Sam glanced out the window. “Those are just the lights Georgette always leaves on. Don’t bother her. She needs her rest.”

He snorted elaborately. “Oh, okay! I was headed right over there to wake her up. But that’s good advice, Sam. Not to barge in on somebody while they’re sleeping.”

Teddy growled with impatience until Sam took her away.

Left alone, Clark lit a cigarette and leaned far out the opened window, turning south, away from the Nickerson house, toward the dark roll of green fields, as if he could see Annie all the way in Miami if he looked hard enough.

But all he saw were stars, making way for dawn.

***

Hours later he was awakened by a sweet smell.
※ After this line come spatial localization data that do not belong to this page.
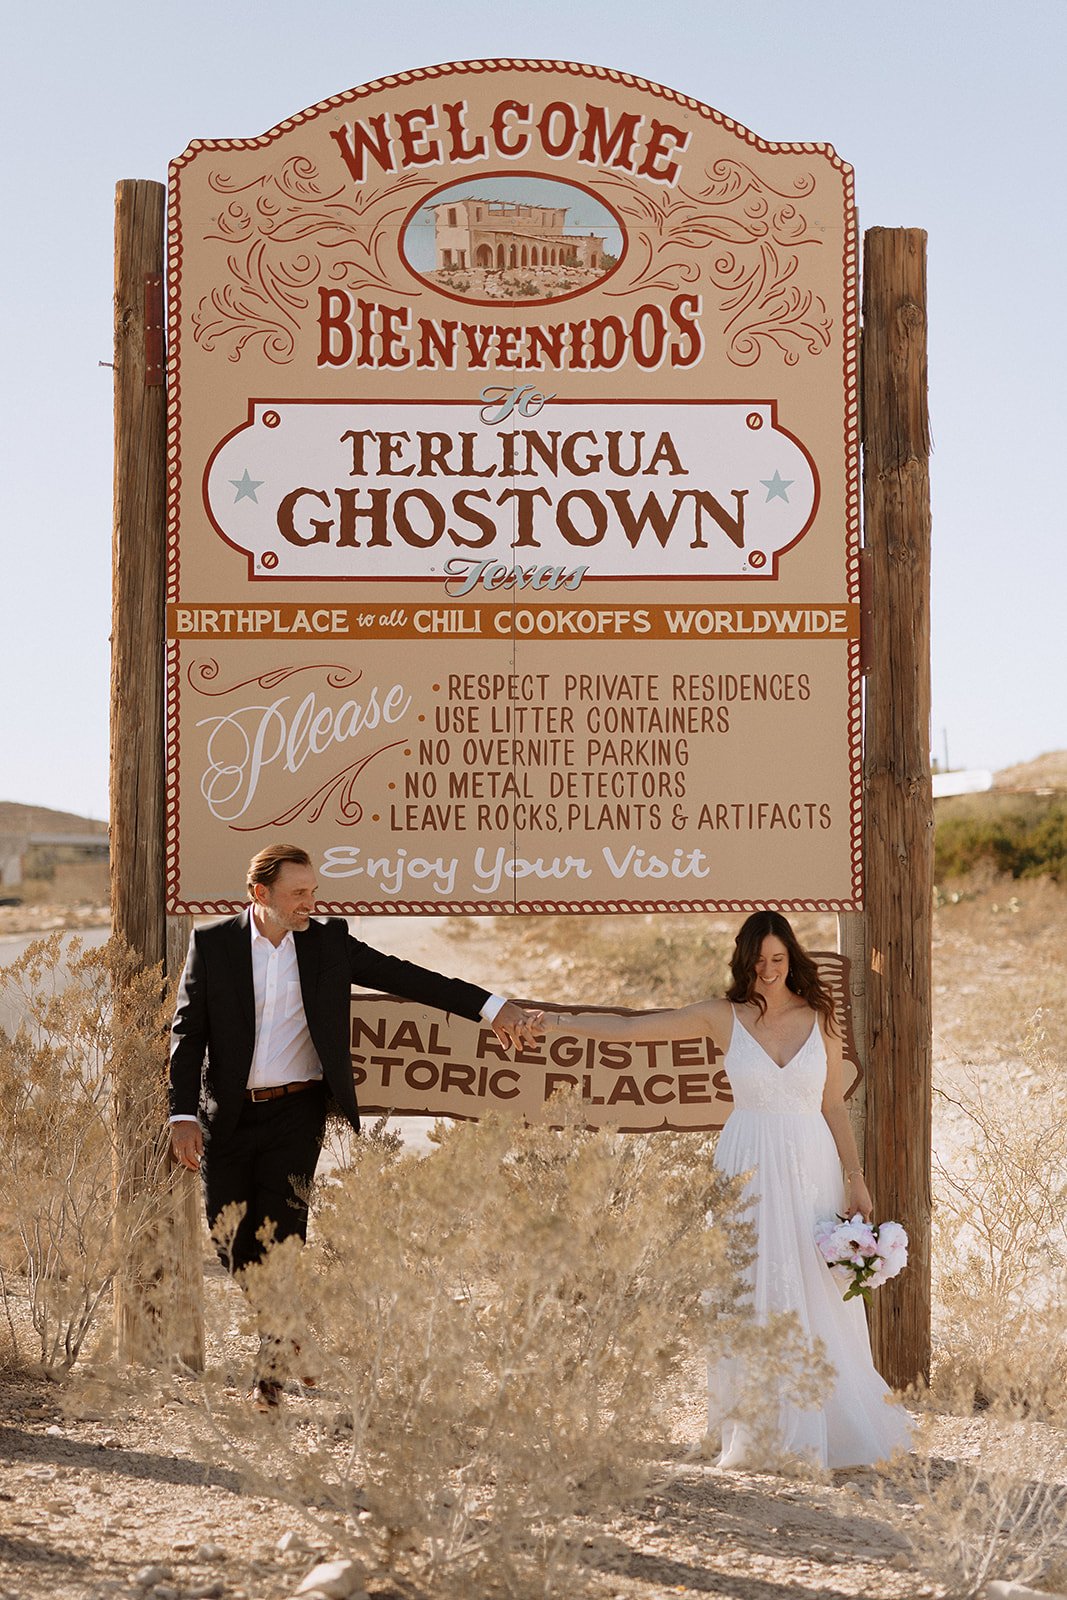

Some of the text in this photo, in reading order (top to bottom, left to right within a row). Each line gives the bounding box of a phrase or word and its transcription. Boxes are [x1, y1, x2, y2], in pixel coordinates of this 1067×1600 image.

[329, 99, 693, 189] WELCOME
[316, 286, 706, 373] BIENVENIDOS
[479, 383, 557, 425] To
[339, 429, 690, 478] TERLINGUA
[276, 486, 749, 549] GHOSTOWN
[443, 557, 590, 598] Texas
[175, 608, 849, 634] BIRTHPLACE to all CHILI COOKOFFS WORLDWIDE
[448, 673, 811, 701] RESPECT PRIVATE RESIDENCES
[435, 705, 730, 733] USE LITTER CONTAINERS
[195, 683, 412, 821] Please
[419, 738, 689, 766] NO OVERNITE PARKING
[405, 771, 686, 798] NO METAL DETECTORS
[390, 804, 467, 831] LEAVE
[671, 803, 689, 831] &
[697, 803, 832, 831] ARTIFACTS
[319, 844, 710, 895] Enjoy Your Visit
[544, 1069, 734, 1106] PLACES
Down in the kitchen, Sam was flipping flapjacks at the stove griddle.

At the kitchen table, dressed for work but still in her pink fluffy bedroom slippers, Georgette sleepily drank coffee from one of the “Movie Mugs” Sam sold at Now Voyager. This one showed Claudette Colbert in Misleading Lady.

“I’ll give you this, Sam,” said Georgette, studying her mug. “In so far as an ’80s girl can look like a ’30s star, Ruthie looks a little like Claudette. It’s the eyes. What color were their eyes? Isn’t that weird? We only have black-and-white photos. D. K., what color were Ruthie’s eyes?”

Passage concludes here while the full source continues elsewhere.